I thought, I can buy a Hornady press, use range brass, and same some cash!

And, well, kind of. But mostly no. Yes, buying primers, bullets, and powder, and using range brass is indeed cheaper than buying boxes or cases of ammunition on a per bullet basis. Sure, a set of dies can get expensive ($200+ for match-grade dies if you do, e.g. long range shooting competitions). Oh, and you need to clean your brass, preferably in a wet tumbler, and then dry your brass, and also get a trim station to trim to length, and possibly a primer pocket swager if you've picked up military brass with crimped primer pockets... And a scale, you gotta have a good scale so that you know exactly how much powder you're using (seriously; you need a good scale, you cannot skip this), and you need a chronography to measure speeds to develop the most accurate loads...

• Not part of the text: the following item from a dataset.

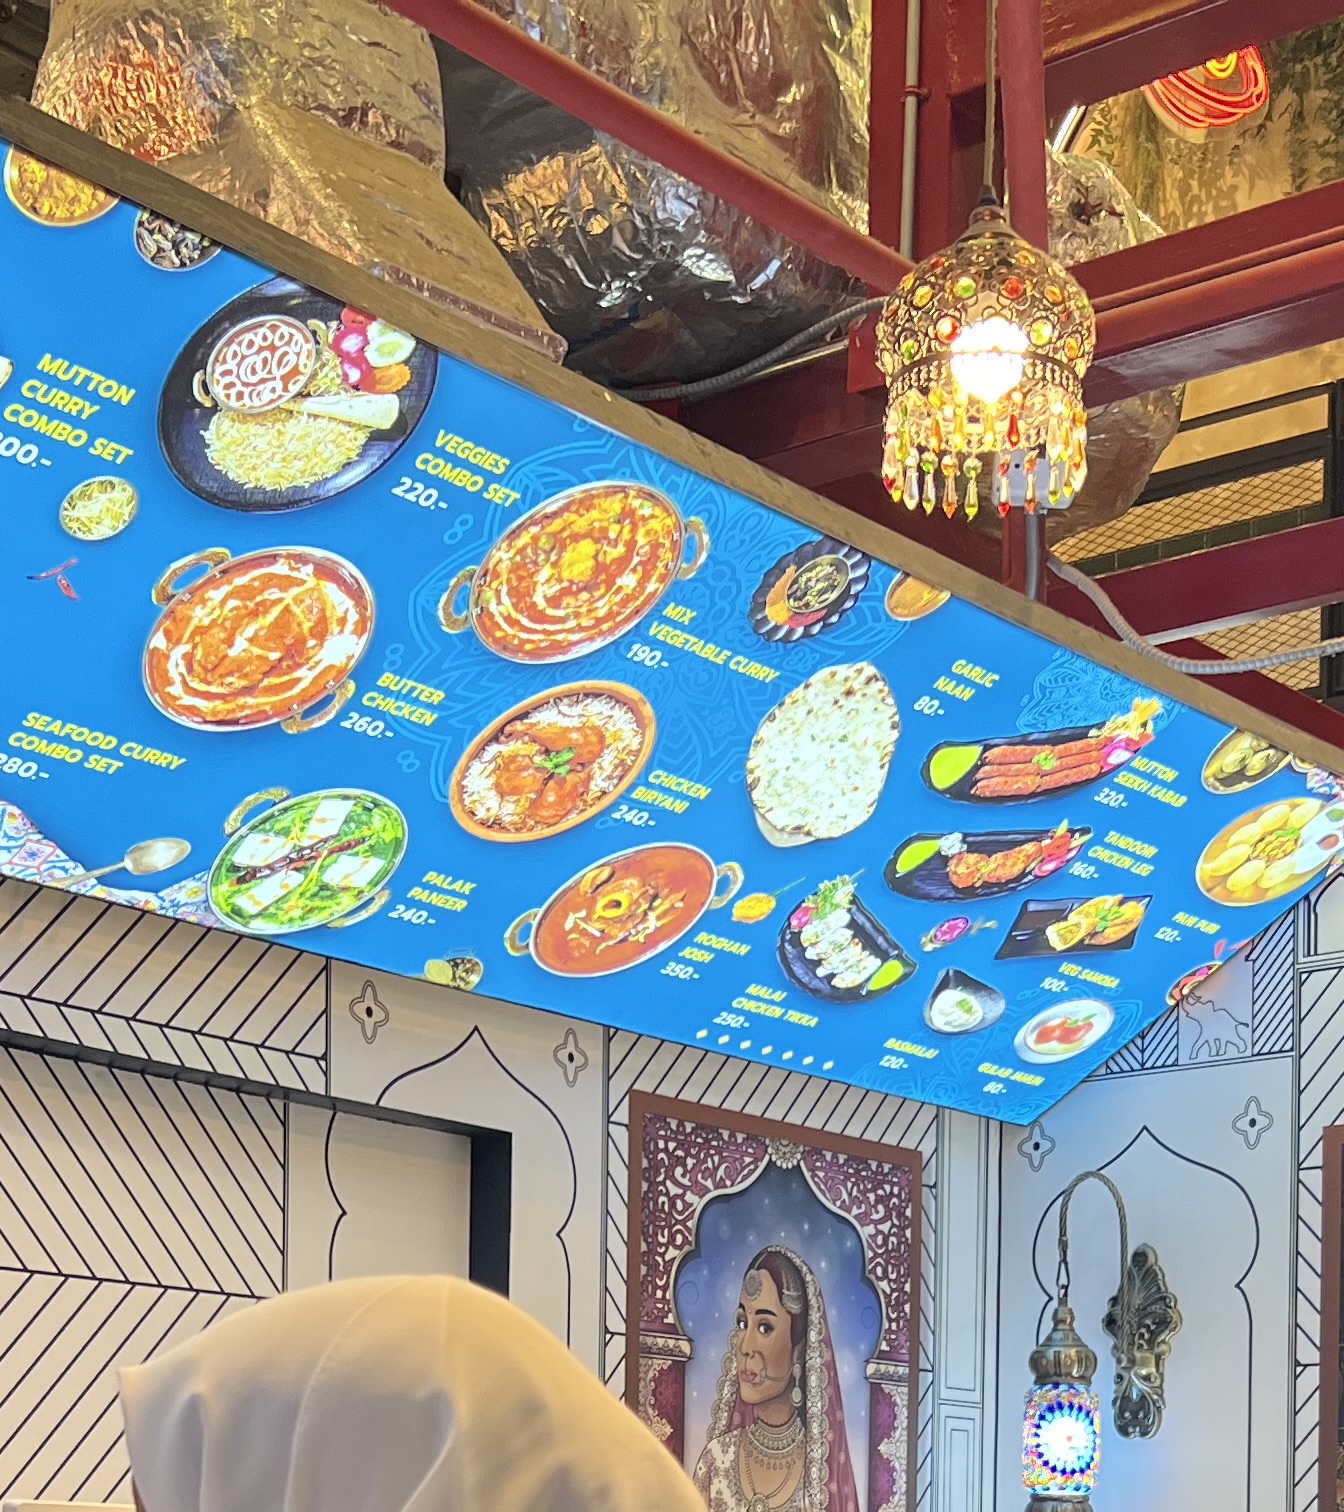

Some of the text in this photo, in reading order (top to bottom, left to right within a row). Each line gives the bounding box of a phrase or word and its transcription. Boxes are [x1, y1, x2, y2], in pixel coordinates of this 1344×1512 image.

...And then you start getting into progressive reloading presses that are intended for really high volume shooting that start at around $2000, and top out at around $10k, plus things like annealing stations so that your neck tension is always consistent after you've crimped the case, and powder tricklers for when volumetric powder dispensers aren't accurate enough...

But the real expense hits when you're shooting 10x as much because now ammunition is "cheap".

BRB, gonna spend $400 on 8# of Varget powder and $300 on 1000 Hornady ELD-M .224 bullets.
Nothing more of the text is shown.